Curving walls eclipse glazed facade of park-side house in Japan by Tsuyoshi Kawata
Both curving and straight walls overlap inside this family home in Shiga Prefecture by architect Tsuyoshi Kawata, which was designed to frame views of a nearby park (+ slideshow).
Named Park and House, the home was designed by Tsuyoshi Kawata of Osaka architecture studio Tonoma for a residential street near Lake Biwa in Shiga Prefecture.
The building sits in the middle of a row of traditional houses with tiled pitched roofs, which border a leafy park. A gap in the park's boundary hedge makes way for a snaking path that leads to the edge of the property.
The white walls and rooftops, and the wooden floors all features curved elements, intended to introduce organic shapes into the architecture, but also to create a strong visual connection with the local greenery.
"This house, considering the continuity of the residential area and the park, plays a role of a node that has the attributes of both," said Kawata. "It's an architecture that is as if the house and the park are fused."

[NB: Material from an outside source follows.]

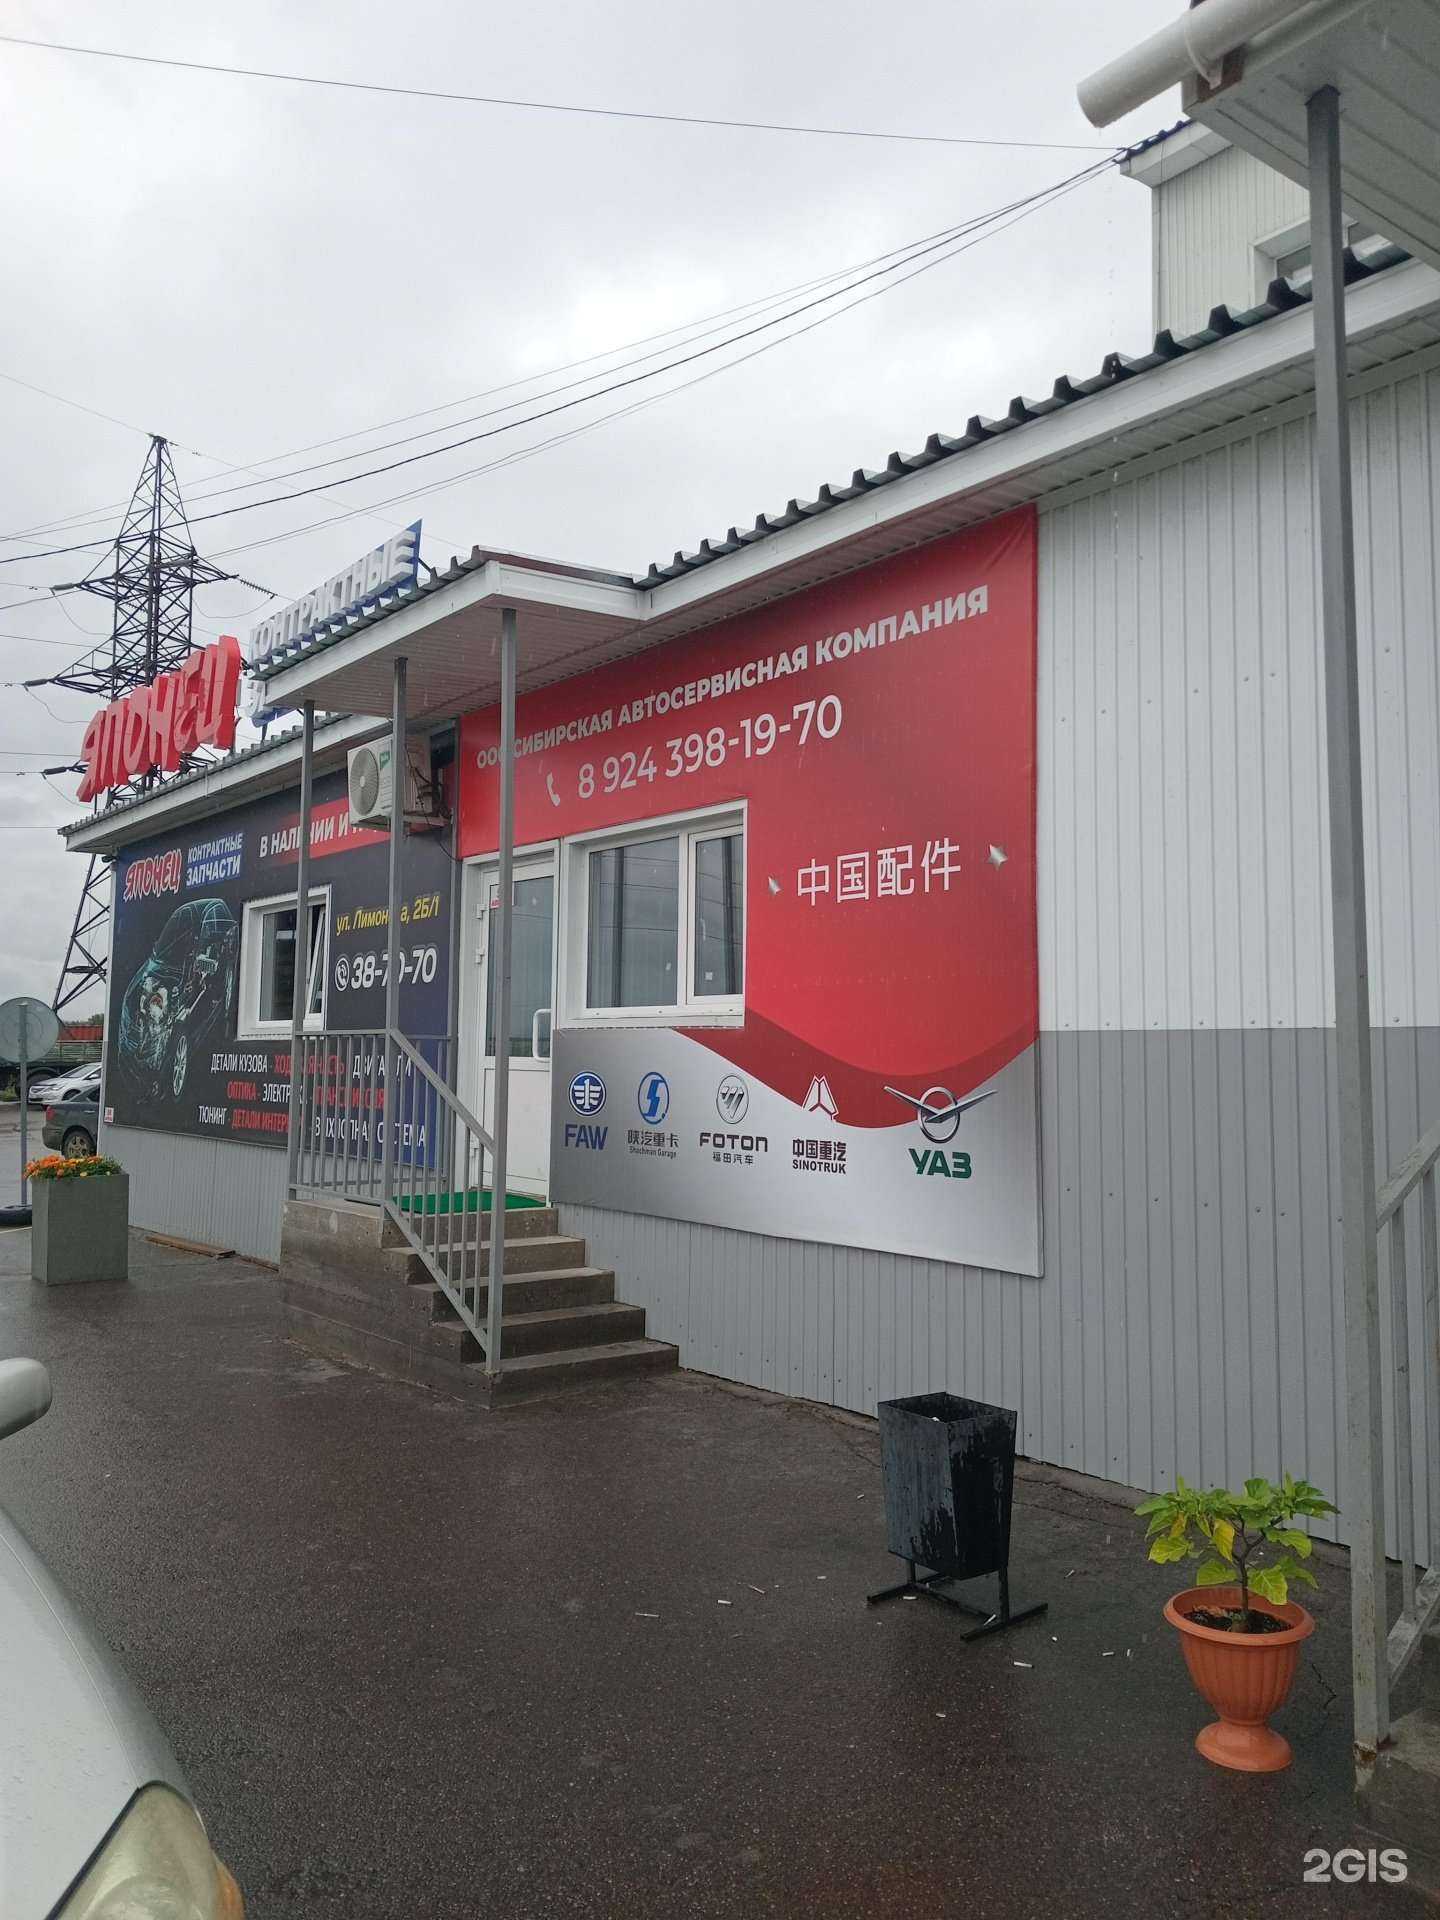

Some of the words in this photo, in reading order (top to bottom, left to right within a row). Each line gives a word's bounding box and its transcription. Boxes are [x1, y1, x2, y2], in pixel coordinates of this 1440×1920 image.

Inside, the rounded planes of the walls and floor slabs join to appear as if the home is made up of bent circles. The curvature of the walls frames crescent-shaped apertures, offering glimpses out to the park.

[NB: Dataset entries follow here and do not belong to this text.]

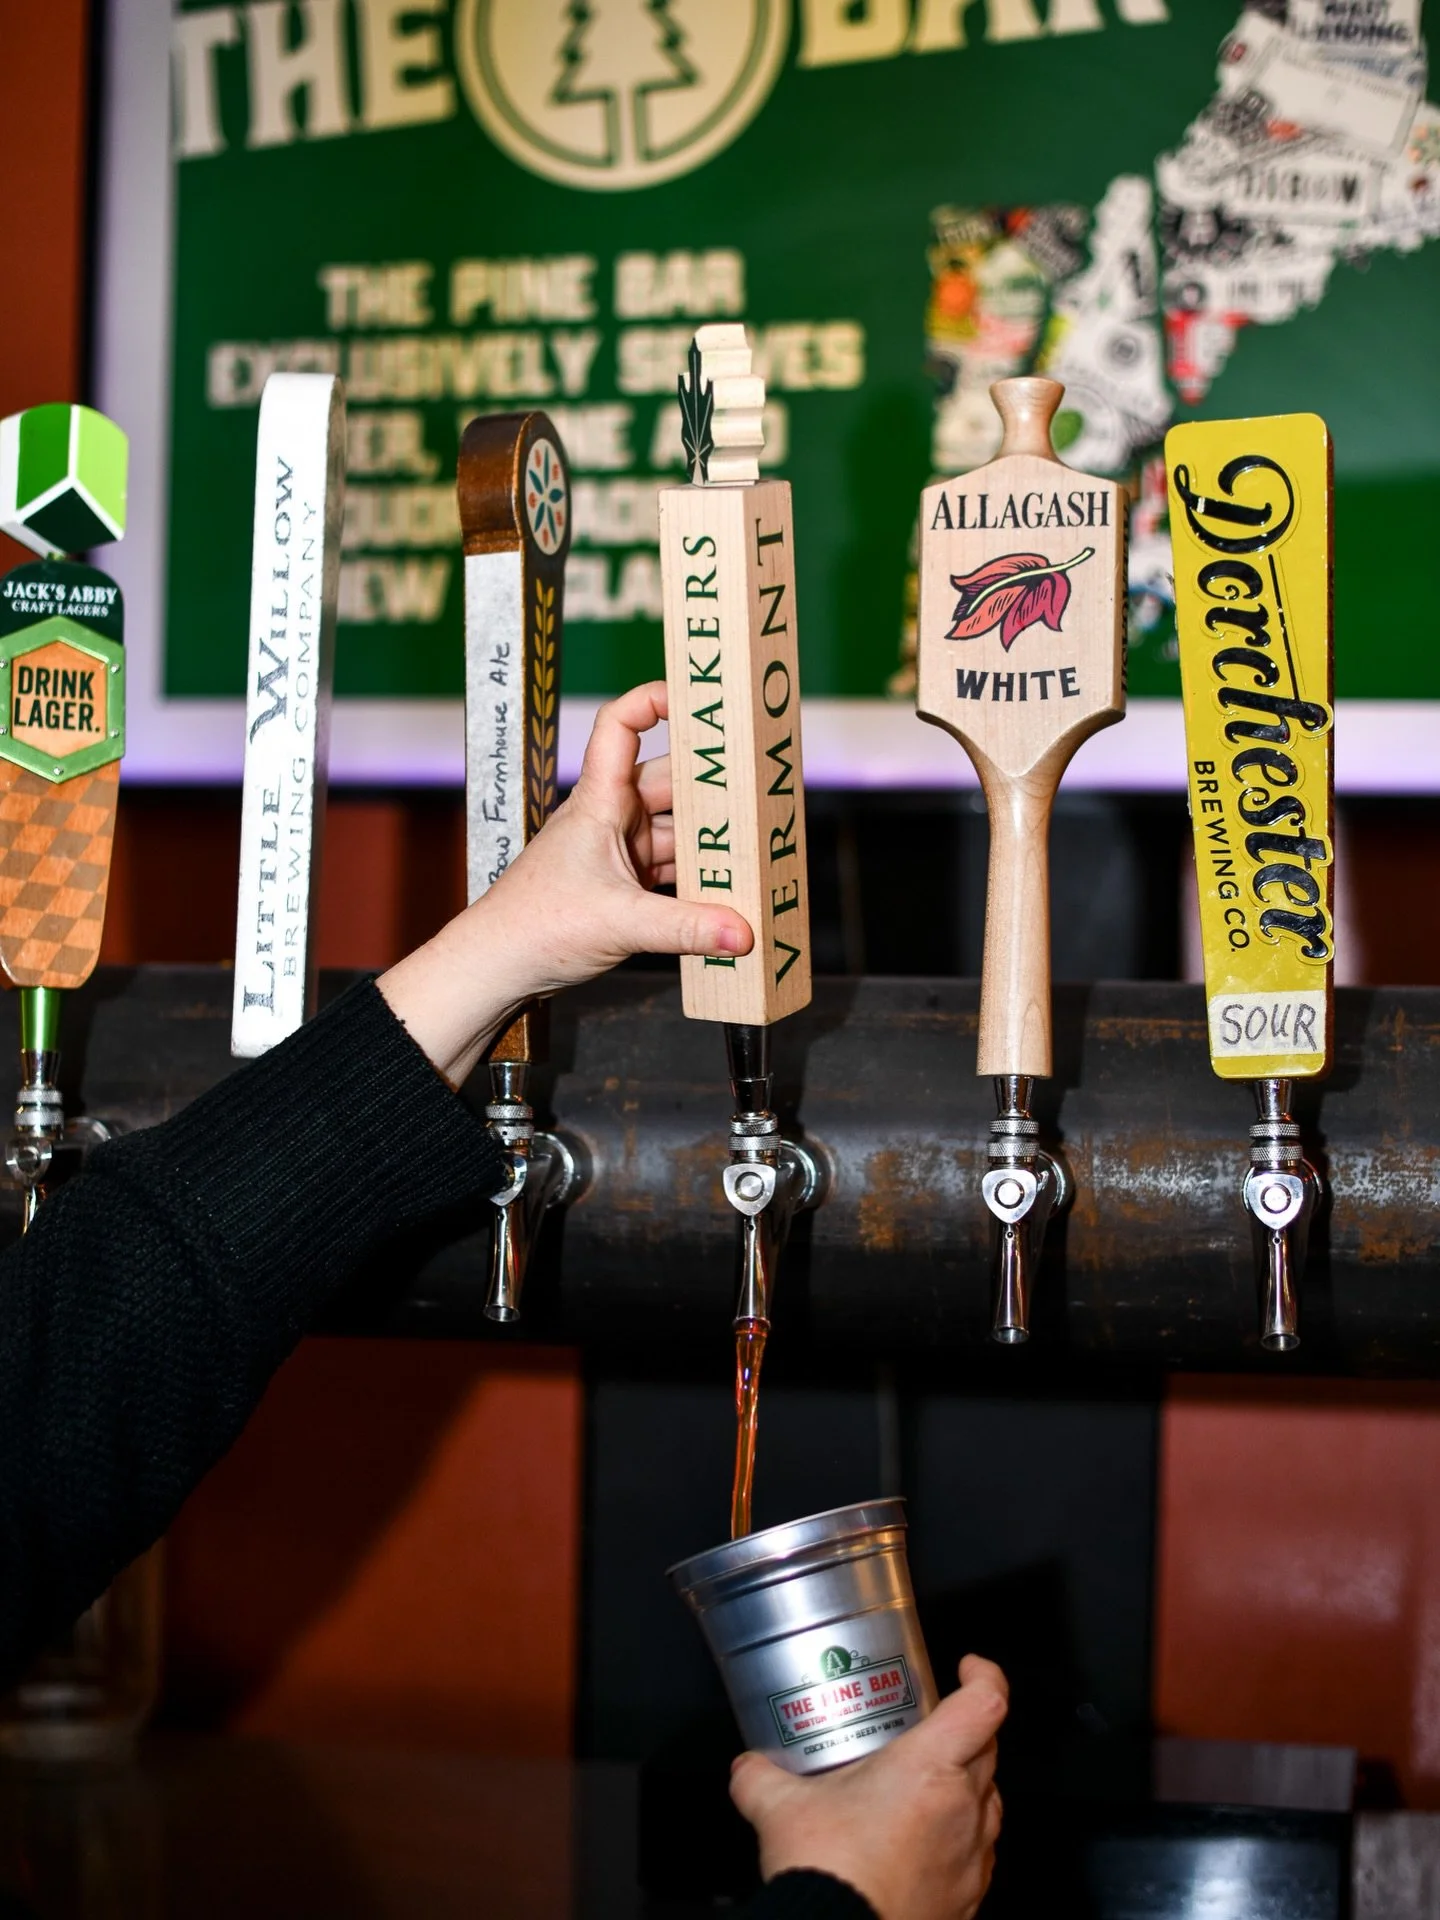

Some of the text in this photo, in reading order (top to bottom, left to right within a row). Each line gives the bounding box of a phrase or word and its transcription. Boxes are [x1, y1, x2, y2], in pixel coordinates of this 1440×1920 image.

[172, 0, 457, 158] THE
[318, 248, 745, 330] THE PINE BAR
[931, 490, 1110, 530] ALLAGASH
[3, 580, 118, 604] JACK'S ABBY
[11, 599, 109, 617] CRAFT LAGERS
[18, 665, 94, 700] DRINK
[489, 642, 511, 686] Ale
[683, 535, 729, 792] MAKERS
[956, 667, 1081, 702] WHITE
[14, 697, 101, 733] LAGER.
[243, 456, 293, 1016] LITTLE WILLOW
[283, 501, 317, 976] BREWING COMPANY
[1174, 455, 1329, 958] Dorchester
[482, 701, 509, 823] Farmhouse
[756, 517, 801, 991] VERMONT
[1194, 761, 1251, 952] BREWING CO.
[1222, 1003, 1317, 1052] SOUR
[782, 1698, 814, 1718] THE
[869, 1670, 901, 1691] BAR

The building has a timber frame, with several exposed wooden beams and columns that resonate with the structures of its more traditional neighbours.

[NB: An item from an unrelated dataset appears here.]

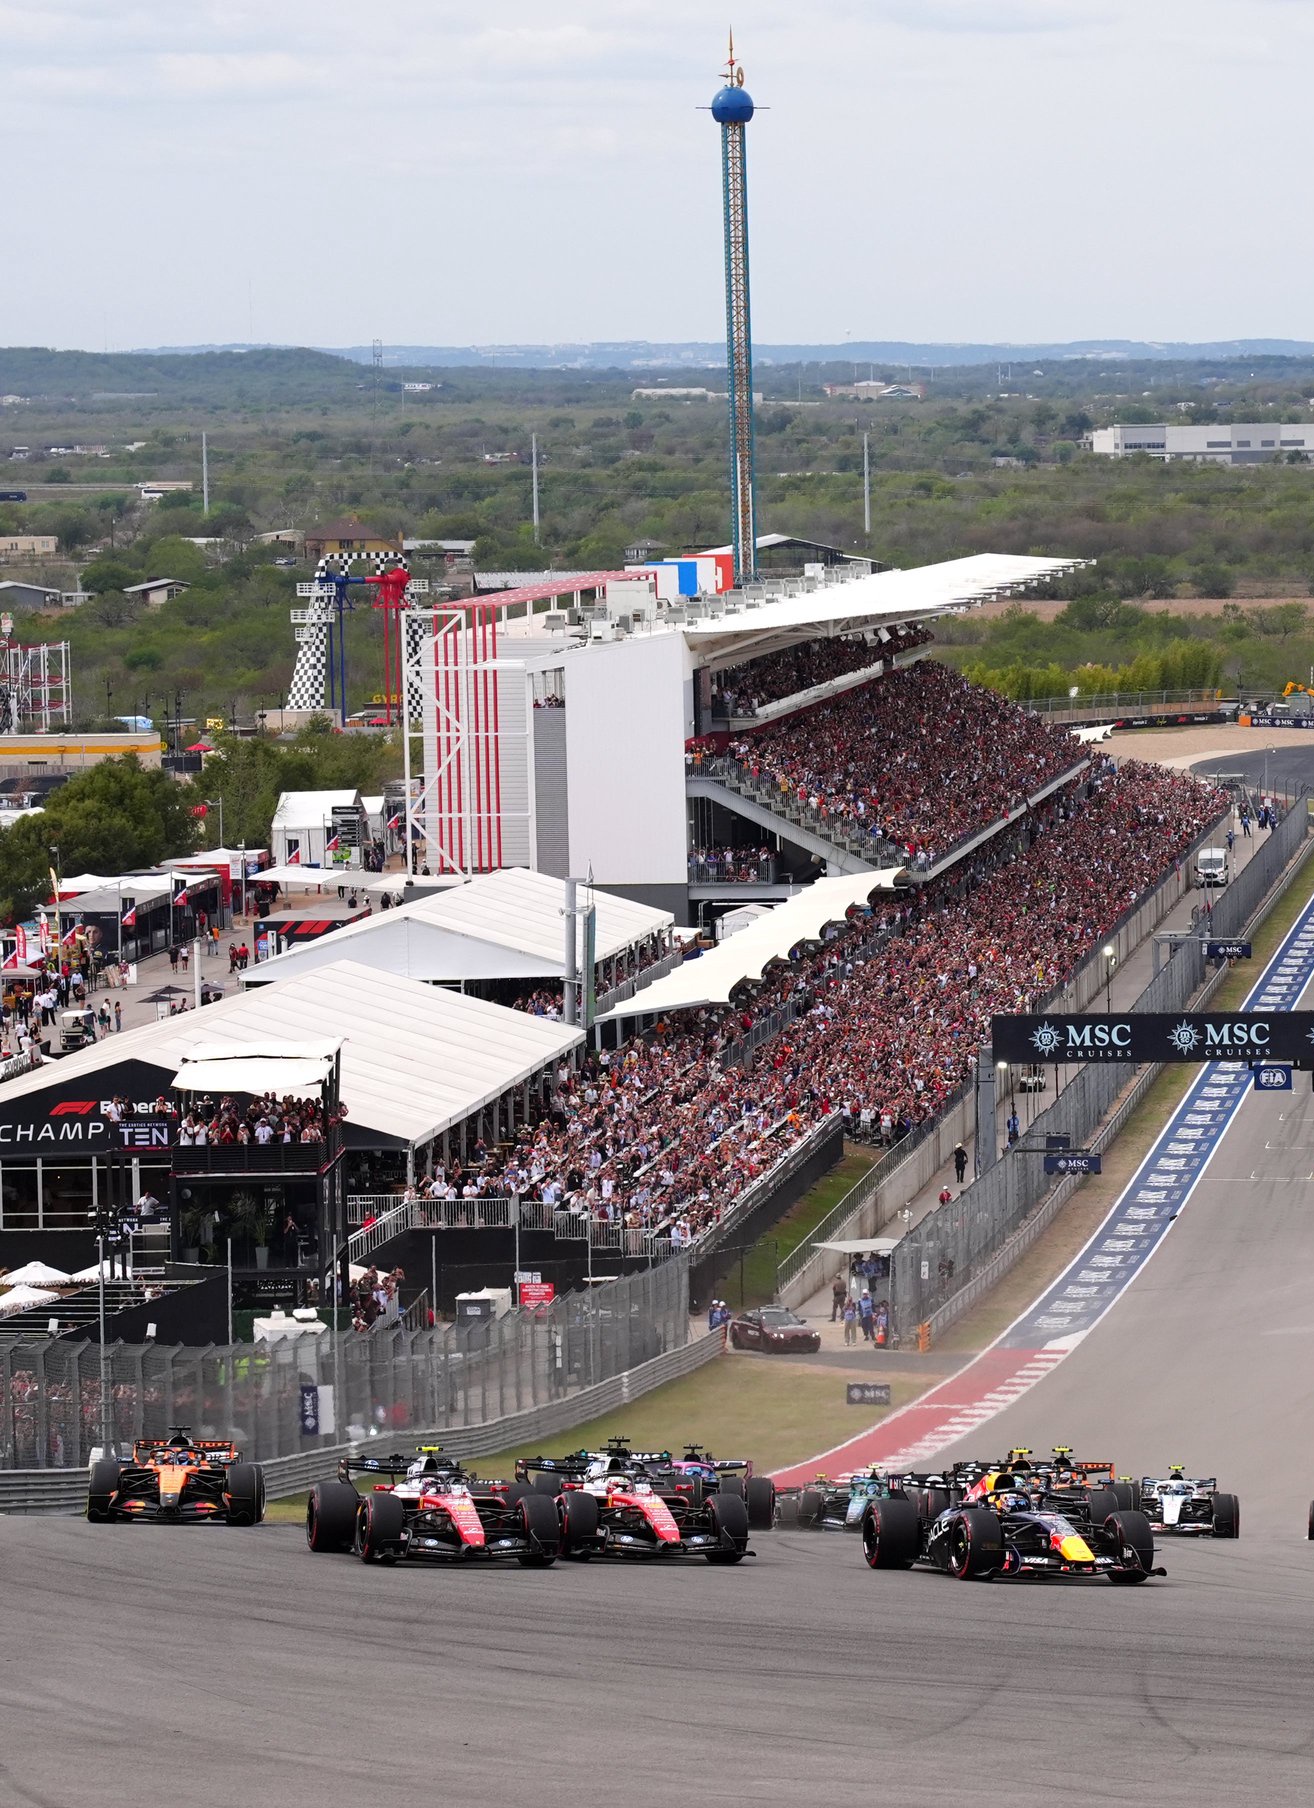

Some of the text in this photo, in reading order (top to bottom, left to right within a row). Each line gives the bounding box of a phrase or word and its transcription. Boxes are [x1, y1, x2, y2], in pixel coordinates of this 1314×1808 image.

[1067, 1025, 1131, 1047] MSC
[1205, 1023, 1270, 1045] MSC
[0, 1122, 110, 1142] CHAMP
[119, 1128, 168, 1146] TEN

Inside, the house is arranged over two floors with a combined living and dining area, and a master bedroom at ground level, and a playroom and study set on the smaller upper level.
A single-storey quadrant containing the bedroom sits at the front of the site, while a two-storey rectilinear volume runs along the back of of the plot to create the living spaces.
Glass walls front this volume, but a curving wall and floor visually link it with the segmental shape of the spaces below.
The corner of the playroom and study sits astride the two ground-floor areas. The floor slab rounds away from the corner, leaving a gap alongside the rounded roof of the bedroom.
Timber-framed windows look out onto a roof garden on top of the ground-floor bedroom. On the other side of the floor, a small decked terrace is accessible from the study.